→ **Your task**
Set down the data again word for word. Skip any pictures.

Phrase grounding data
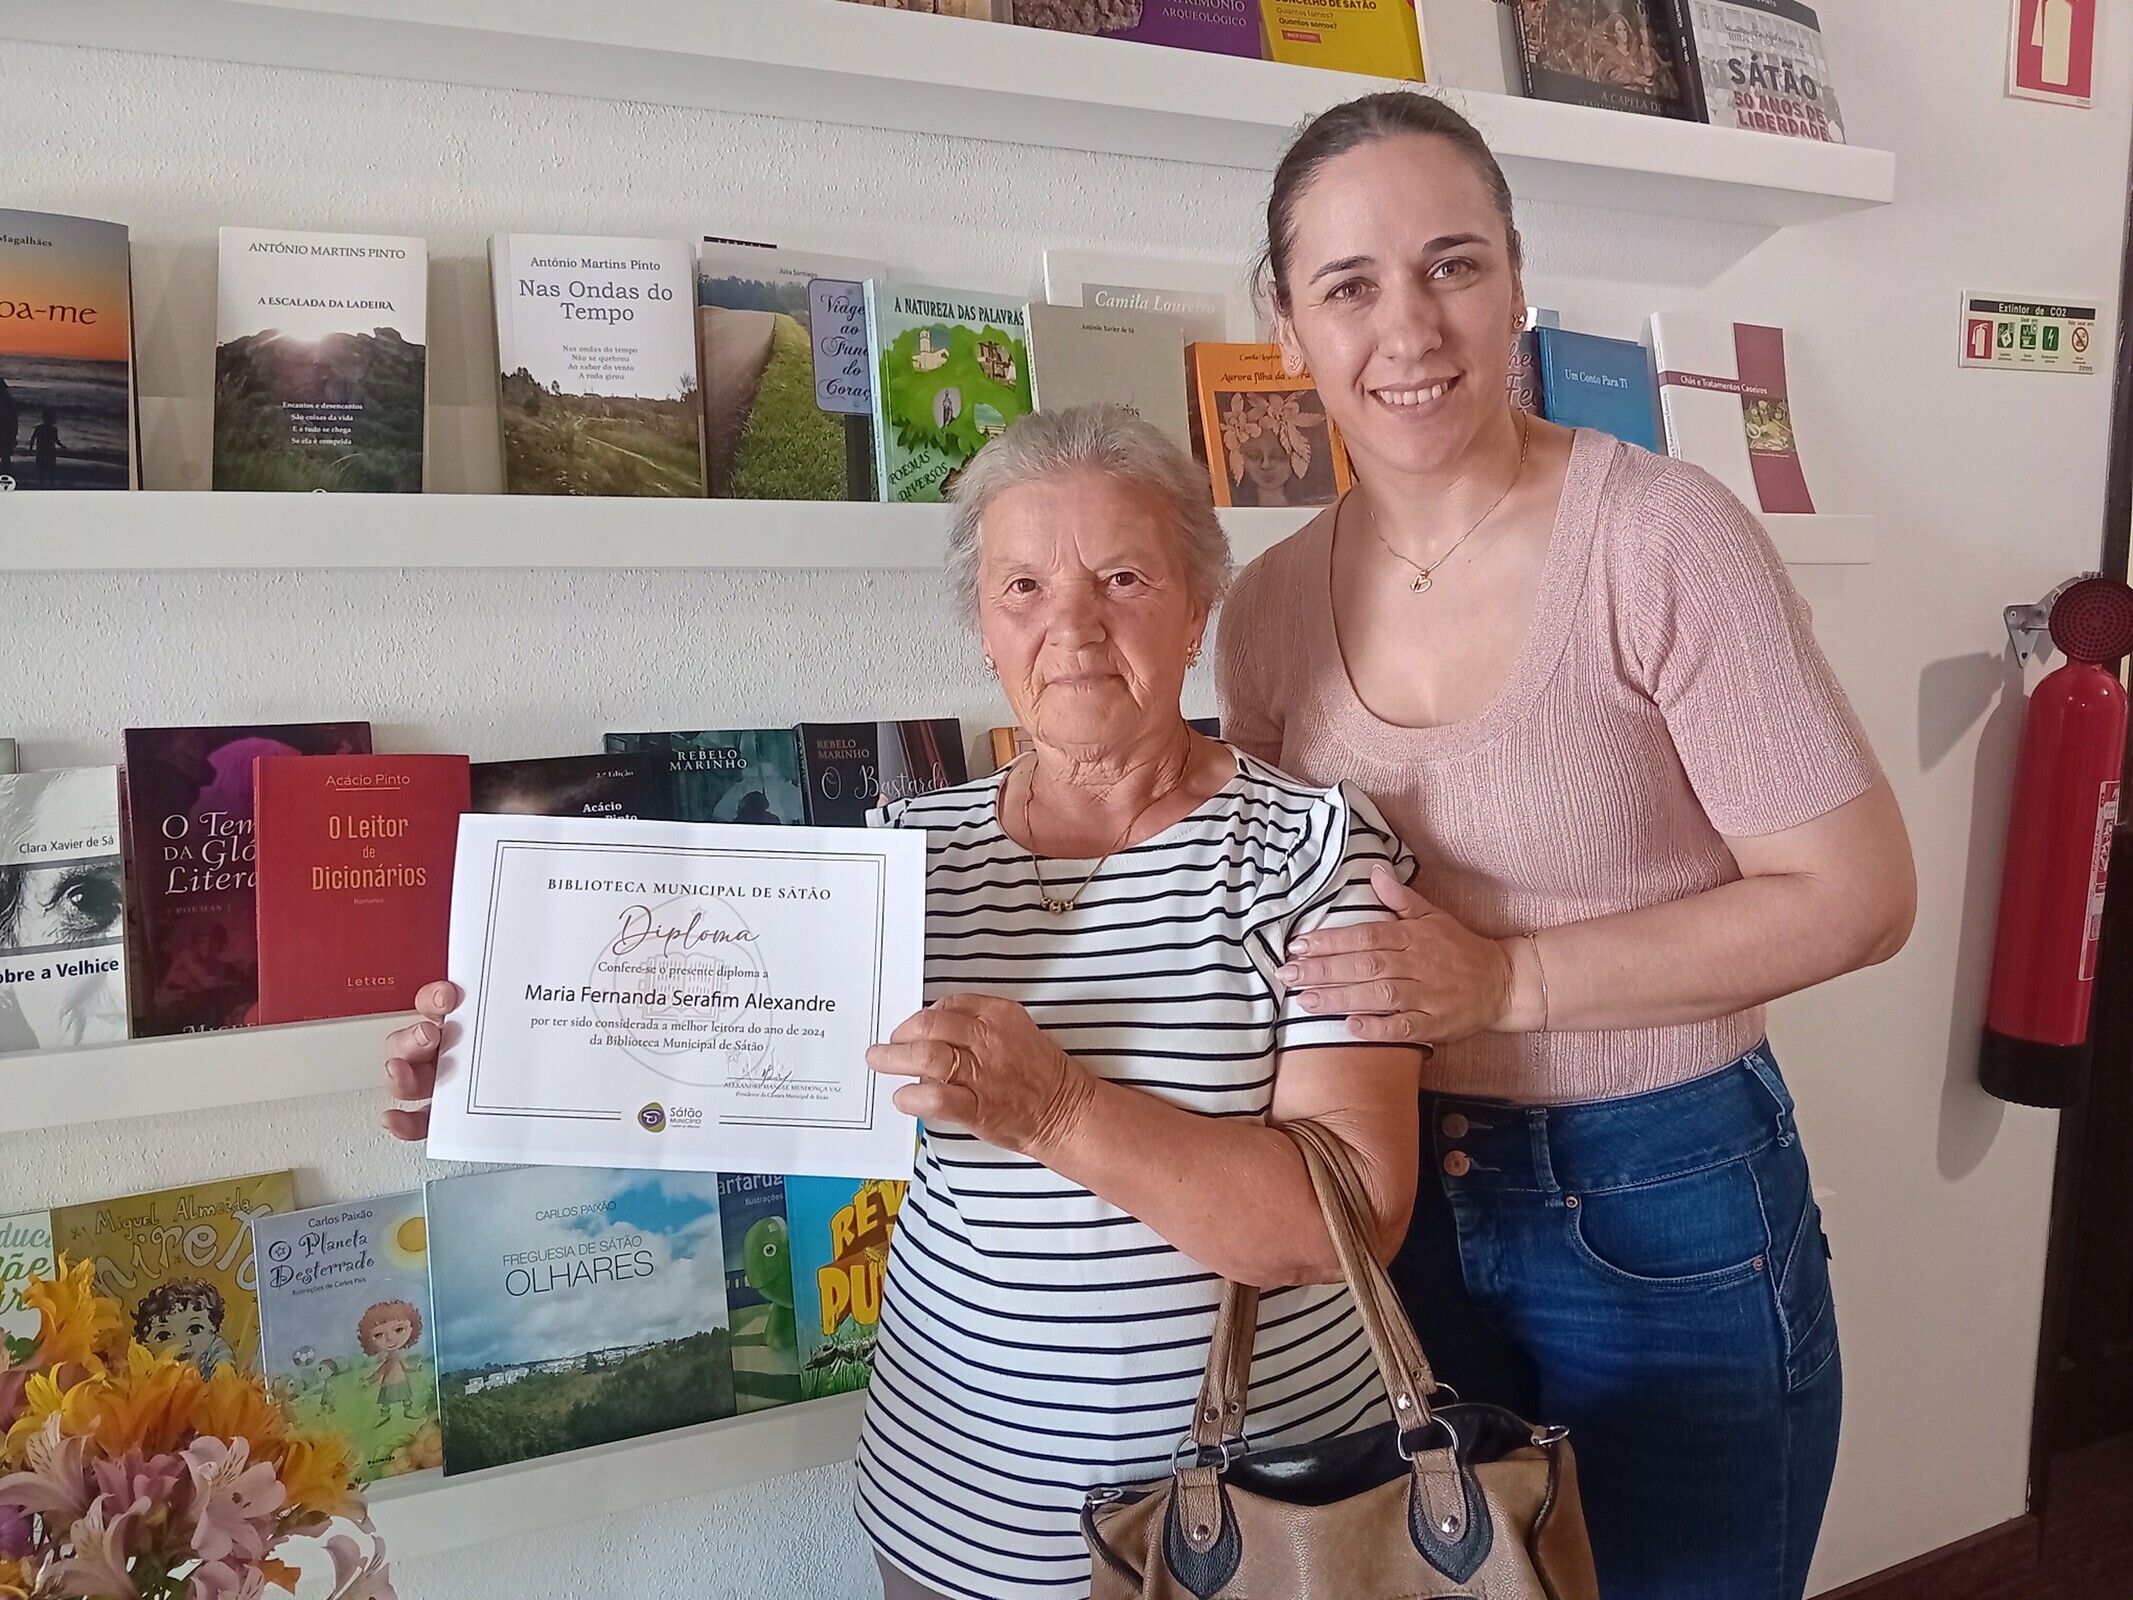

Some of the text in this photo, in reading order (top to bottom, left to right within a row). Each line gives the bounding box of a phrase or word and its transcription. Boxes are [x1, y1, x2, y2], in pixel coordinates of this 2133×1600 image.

[1161, 7, 1247, 27] ARQUEOLÓGICO
[1278, 17, 1338, 30] Quantos somos?
[1727, 53, 1818, 101] SÁTÃO
[1610, 93, 1648, 110] CAPELA
[1733, 90, 1827, 127] 50 ANOS DE
[1737, 109, 1830, 142] LIBERDADE
[248, 242, 406, 260] ANTÓNIO MARTINS PINTO
[530, 257, 661, 271] António Martins Pinto
[518, 279, 673, 301] Nas Ondas do
[258, 296, 396, 312] A ESCALADA DA LADEIRA
[894, 296, 1024, 326] A NATUREZA DAS PALAVRAS
[1095, 290, 1215, 315] Camila Loureiro
[1998, 302, 2067, 318] Extintor de CO2
[560, 302, 635, 326] Tempo
[840, 325, 860, 335] ao
[571, 354, 587, 362] Não
[598, 355, 630, 364] quebrou
[578, 345, 602, 353] ondas
[603, 346, 613, 354] do
[614, 347, 638, 355] tempo
[578, 372, 625, 382] A roda girou
[842, 359, 864, 377] do
[1220, 372, 1252, 384] Aurora
[1274, 371, 1286, 380] da
[1564, 368, 1629, 389] Um Conto Para Ti
[1680, 375, 1768, 395] Chás Tratamentos Caseiros
[282, 401, 364, 410] Encantos desencantos
[304, 425, 321, 433] tudo
[331, 426, 352, 434] chega
[318, 438, 352, 447] comprida
[888, 450, 931, 485] POEMAS
[897, 461, 948, 501] DIVERSOS
[816, 739, 857, 749] REBELO
[669, 758, 748, 771] MARINHO
[678, 749, 738, 761] REBELO
[818, 749, 870, 760] MARINHO
[325, 773, 411, 786] Acácio Pinto
[608, 770, 634, 778] Edição
[821, 761, 951, 801] O Bastardo
[581, 802, 623, 813] Acácio
[162, 814, 189, 840] O
[329, 814, 409, 840] O Leitor
[19, 834, 114, 854] Clara Xavier de Sá
[163, 845, 194, 861] DA
[362, 845, 376, 859] de
[312, 863, 427, 891] Dicionários
[548, 878, 831, 901] BIBLIOTECA MUNICIPAL DE SÁTÃO
[612, 904, 760, 959] Diploma
[0, 958, 120, 984] bre a Velhice
[598, 960, 769, 981] Confere-se o presente diploma a
[525, 984, 836, 1012] Maria Fernanda Serafim Alexandre
[530, 1017, 550, 1029] por
[552, 1018, 568, 1027] ter
[570, 1015, 593, 1028] sido
[594, 1017, 659, 1030] considerada
[671, 1019, 708, 1032] melhor
[711, 1021, 745, 1033] leitora
[747, 1022, 762, 1034] do
[764, 1026, 784, 1035] ano
[786, 1024, 800, 1035] de
[802, 1028, 826, 1039] 2024
[589, 1034, 764, 1052] da Biblioteca Municipal de Sátão
[669, 1106, 703, 1118] Sátão
[95, 1187, 253, 1241] Miguel Almeida
[308, 1209, 373, 1229] Carlos Paixão
[535, 1200, 617, 1221] CARLOS PAIXÃO
[298, 1229, 368, 1259] Planeta
[502, 1234, 643, 1267] FREGUESIA DE SÁTÃO
[269, 1249, 375, 1290] Desterrado
[505, 1250, 654, 1297] OLHARES
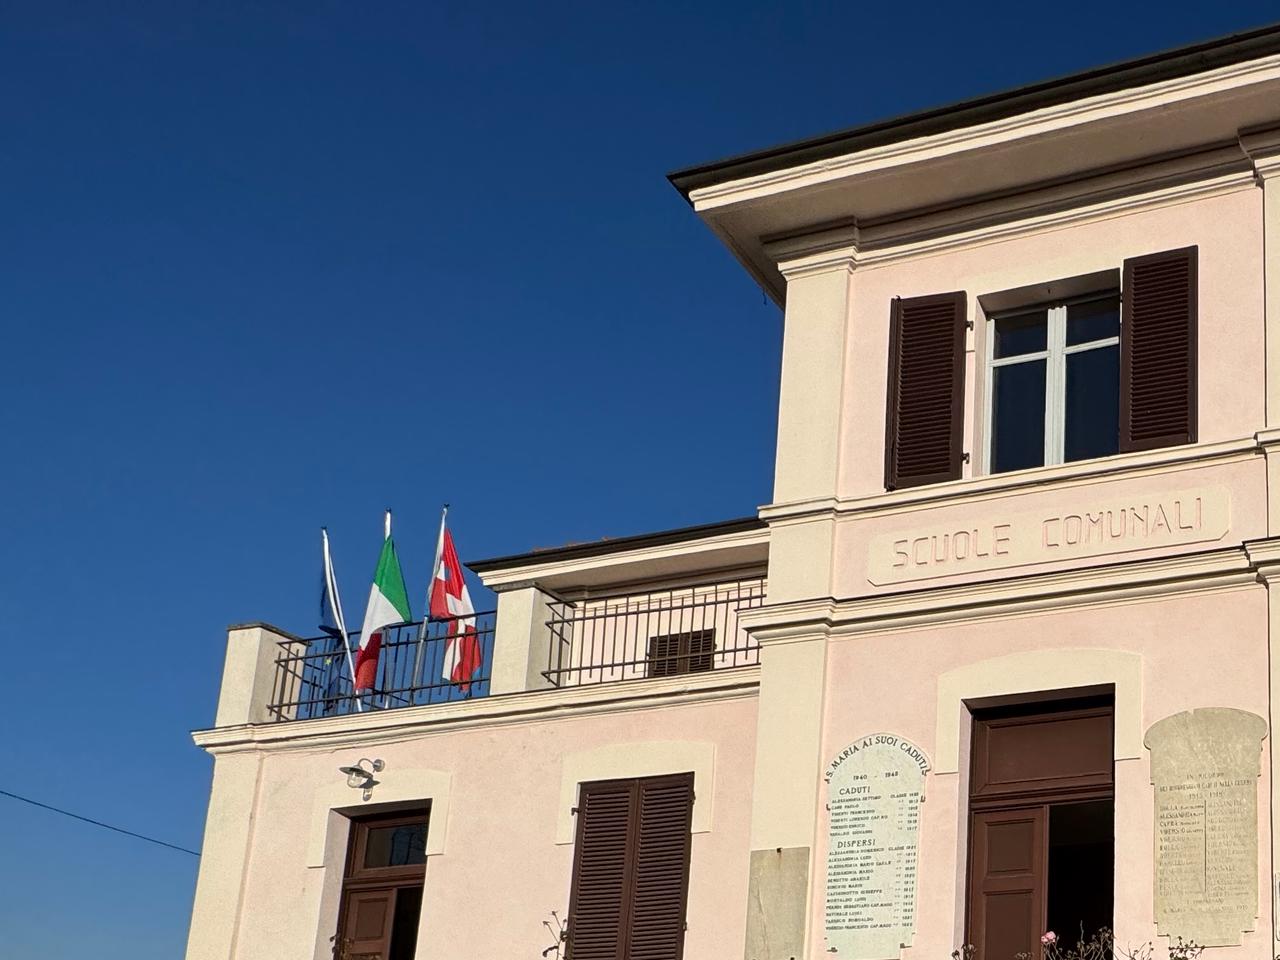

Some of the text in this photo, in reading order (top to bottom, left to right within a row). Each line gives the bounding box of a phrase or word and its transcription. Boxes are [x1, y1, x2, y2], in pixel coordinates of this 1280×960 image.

[892, 497, 1202, 567] SCUOLE COMUNALI
[831, 745, 859, 770] MARIA
[862, 738, 873, 748] AI
[875, 735, 898, 747] SUOI
[900, 742, 928, 770] CADUTI
[839, 786, 871, 795] CADUTI
[837, 839, 876, 848] DISPERSI
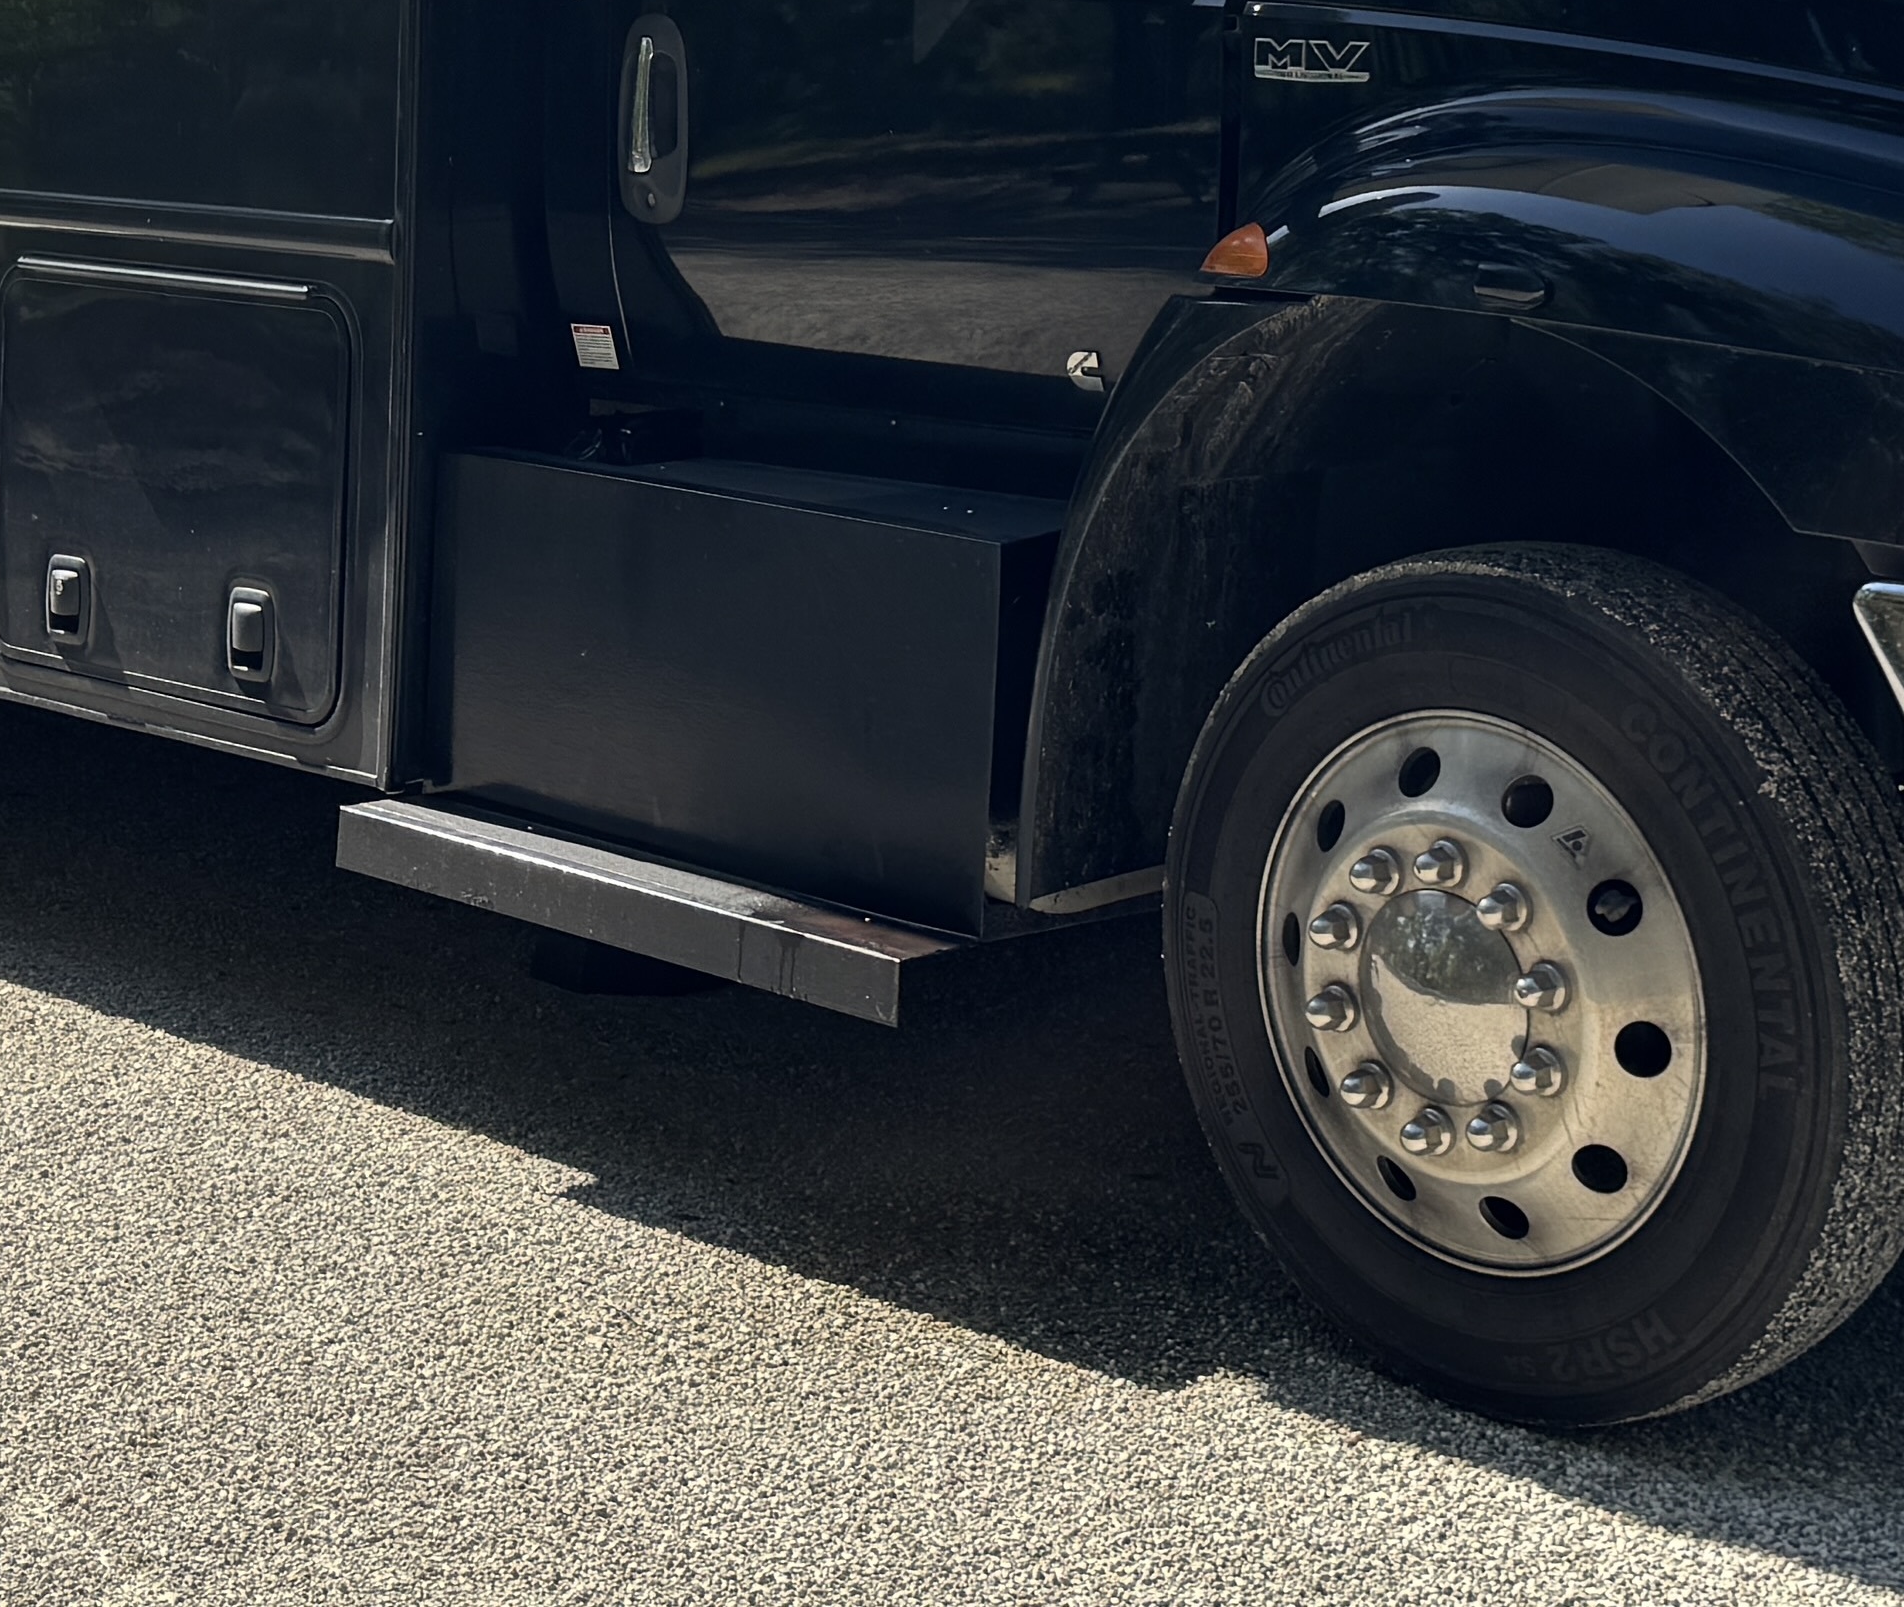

→ **Final answer**
Some of the text in this photo, in reading order (top to bottom, left to right within a row). Each line gives the bounding box of a phrase or word and its transcription. Boxes are [x1, y1, x2, y2], in pixel coordinates of this 2133×1600 image.

[1161, 7, 1247, 27] ARQUEOLÓGICO
[1278, 17, 1338, 30] Quantos somos?
[1727, 53, 1818, 101] SÁTÃO
[1610, 93, 1648, 110] CAPELA
[1733, 90, 1827, 127] 50 ANOS DE
[1737, 109, 1830, 142] LIBERDADE
[248, 242, 406, 260] ANTÓNIO MARTINS PINTO
[530, 257, 661, 271] António Martins Pinto
[518, 279, 673, 301] Nas Ondas do
[258, 296, 396, 312] A ESCALADA DA LADEIRA
[894, 296, 1024, 326] A NATUREZA DAS PALAVRAS
[1095, 290, 1215, 315] Camila Loureiro
[1998, 302, 2067, 318] Extintor de CO2
[560, 302, 635, 326] Tempo
[840, 325, 860, 335] ao
[571, 354, 587, 362] Não
[598, 355, 630, 364] quebrou
[578, 345, 602, 353] ondas
[603, 346, 613, 354] do
[614, 347, 638, 355] tempo
[578, 372, 625, 382] A roda girou
[842, 359, 864, 377] do
[1220, 372, 1252, 384] Aurora
[1274, 371, 1286, 380] da
[1564, 368, 1629, 389] Um Conto Para Ti
[1680, 375, 1768, 395] Chás Tratamentos Caseiros
[282, 401, 364, 410] Encantos desencantos
[304, 425, 321, 433] tudo
[331, 426, 352, 434] chega
[318, 438, 352, 447] comprida
[888, 450, 931, 485] POEMAS
[897, 461, 948, 501] DIVERSOS
[816, 739, 857, 749] REBELO
[669, 758, 748, 771] MARINHO
[678, 749, 738, 761] REBELO
[818, 749, 870, 760] MARINHO
[325, 773, 411, 786] Acácio Pinto
[608, 770, 634, 778] Edição
[821, 761, 951, 801] O Bastardo
[581, 802, 623, 813] Acácio
[162, 814, 189, 840] O
[329, 814, 409, 840] O Leitor
[19, 834, 114, 854] Clara Xavier de Sá
[163, 845, 194, 861] DA
[362, 845, 376, 859] de
[312, 863, 427, 891] Dicionários
[548, 878, 831, 901] BIBLIOTECA MUNICIPAL DE SÁTÃO
[612, 904, 760, 959] Diploma
[0, 958, 120, 984] bre a Velhice
[598, 960, 769, 981] Confere-se o presente diploma a
[525, 984, 836, 1012] Maria Fernanda Serafim Alexandre
[530, 1017, 550, 1029] por
[552, 1018, 568, 1027] ter
[570, 1015, 593, 1028] sido
[594, 1017, 659, 1030] considerada
[671, 1019, 708, 1032] melhor
[711, 1021, 745, 1033] leitora
[747, 1022, 762, 1034] do
[764, 1026, 784, 1035] ano
[786, 1024, 800, 1035] de
[802, 1028, 826, 1039] 2024
[589, 1034, 764, 1052] da Biblioteca Municipal de Sátão
[669, 1106, 703, 1118] Sátão
[95, 1187, 253, 1241] Miguel Almeida
[308, 1209, 373, 1229] Carlos Paixão
[535, 1200, 617, 1221] CARLOS PAIXÃO
[298, 1229, 368, 1259] Planeta
[502, 1234, 643, 1267] FREGUESIA DE SÁTÃO
[269, 1249, 375, 1290] Desterrado
[505, 1250, 654, 1297] OLHARES

Some of the text in this photo, in reading order (top to bottom, left to right within a row). Each line gives the bounding box of a phrase or word and its transcription. Boxes are [x1, y1, x2, y2], in pixel coordinates of this 1280×960 image.

[892, 497, 1202, 567] SCUOLE COMUNALI
[831, 745, 859, 770] MARIA
[862, 738, 873, 748] AI
[875, 735, 898, 747] SUOI
[900, 742, 928, 770] CADUTI
[839, 786, 871, 795] CADUTI
[837, 839, 876, 848] DISPERSI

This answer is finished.